### TASK PROMPT
Verbatim copy without images: repeat the records in full.

────────────────

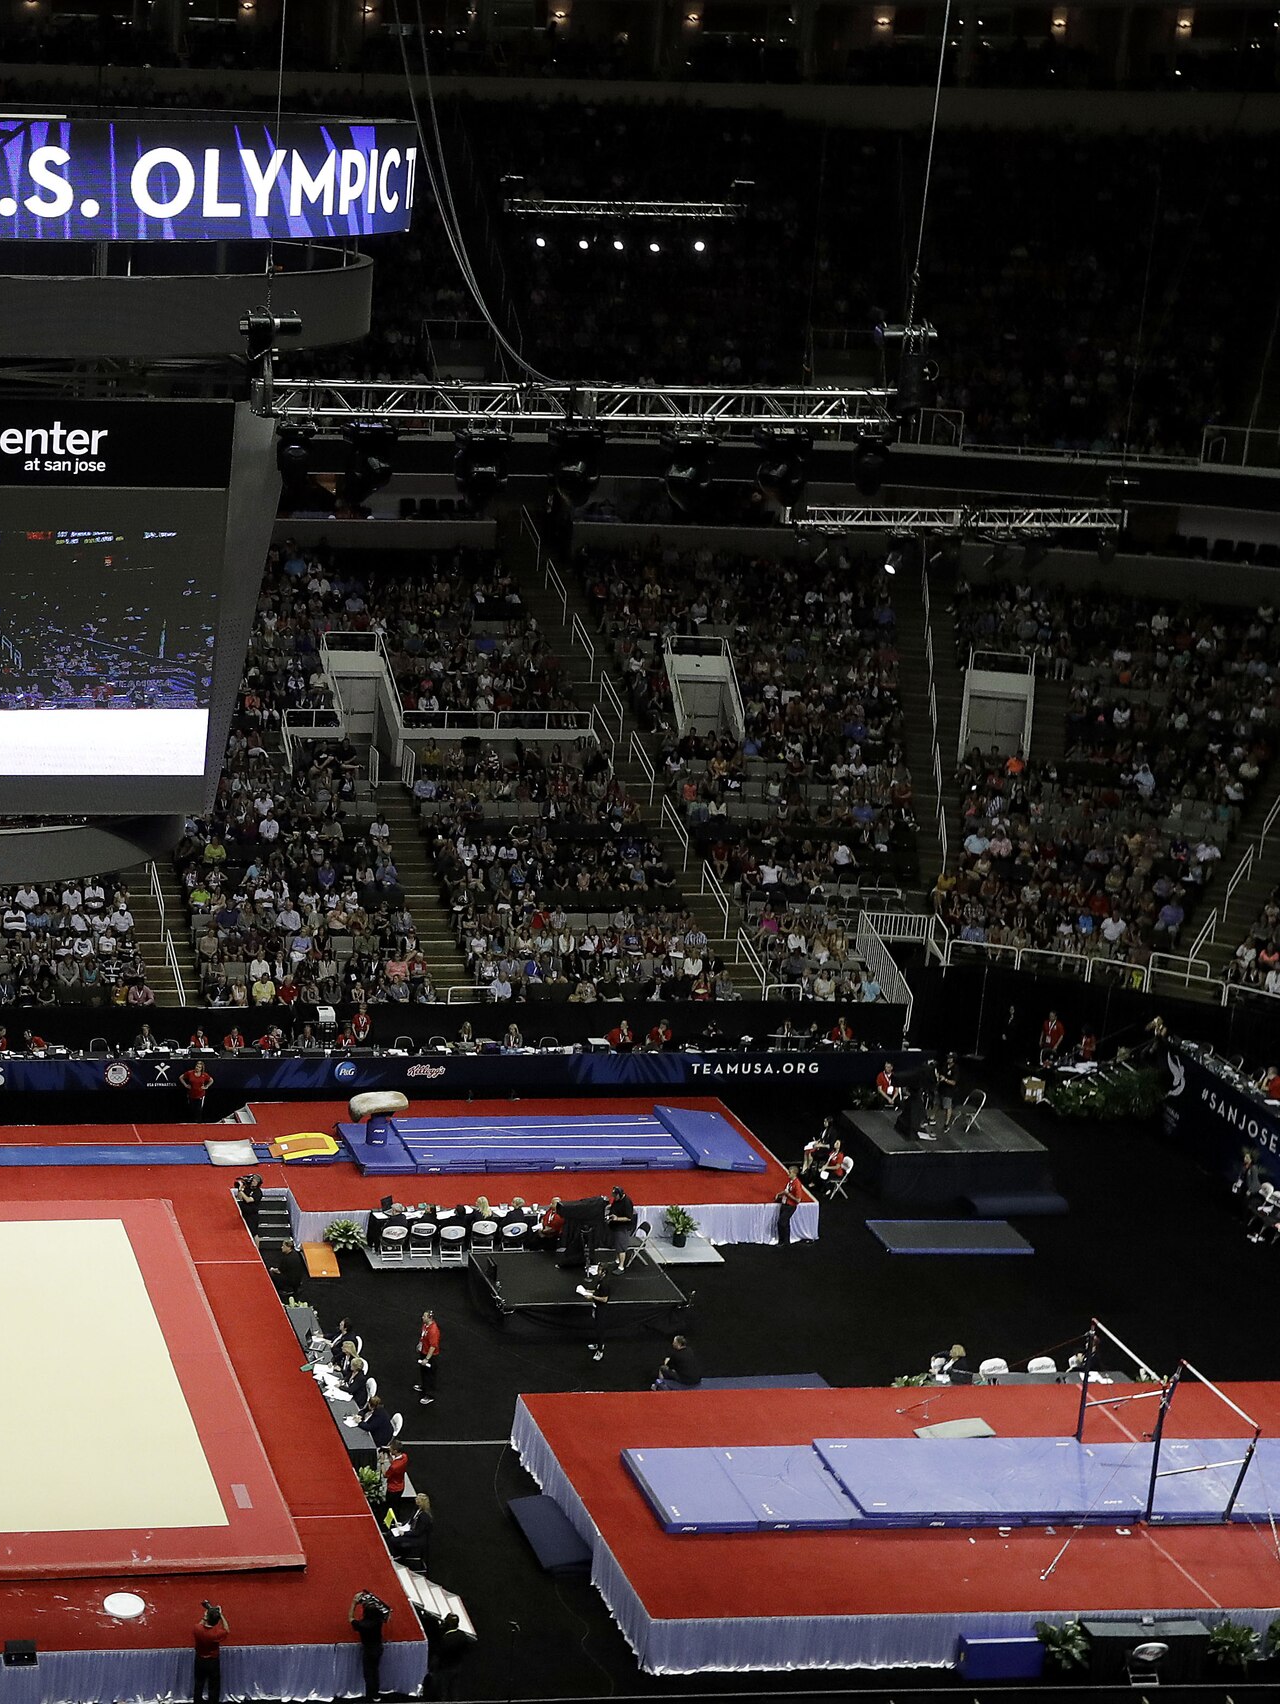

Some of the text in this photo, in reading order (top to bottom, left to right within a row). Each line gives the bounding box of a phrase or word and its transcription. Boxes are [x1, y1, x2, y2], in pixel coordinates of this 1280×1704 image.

[131, 148, 400, 218] OLYMPIC
[24, 458, 106, 474] at san jose
[339, 1068, 356, 1076] P&G
[407, 1064, 446, 1078] Kellogg's
[691, 1062, 819, 1075] TEAMUSA.ORG

────────────────

### RESPONSE
Some of the text in this photo, in reading order (top to bottom, left to right within a row). Each line gives the bounding box of a phrase or word and its transcription. Boxes are [x1, y1, x2, y2], in pixel coordinates of this 1280×1704 image.

[131, 148, 400, 218] OLYMPIC
[24, 458, 106, 474] at san jose
[339, 1068, 356, 1076] P&G
[407, 1064, 446, 1078] Kellogg's
[691, 1062, 819, 1075] TEAMUSA.ORG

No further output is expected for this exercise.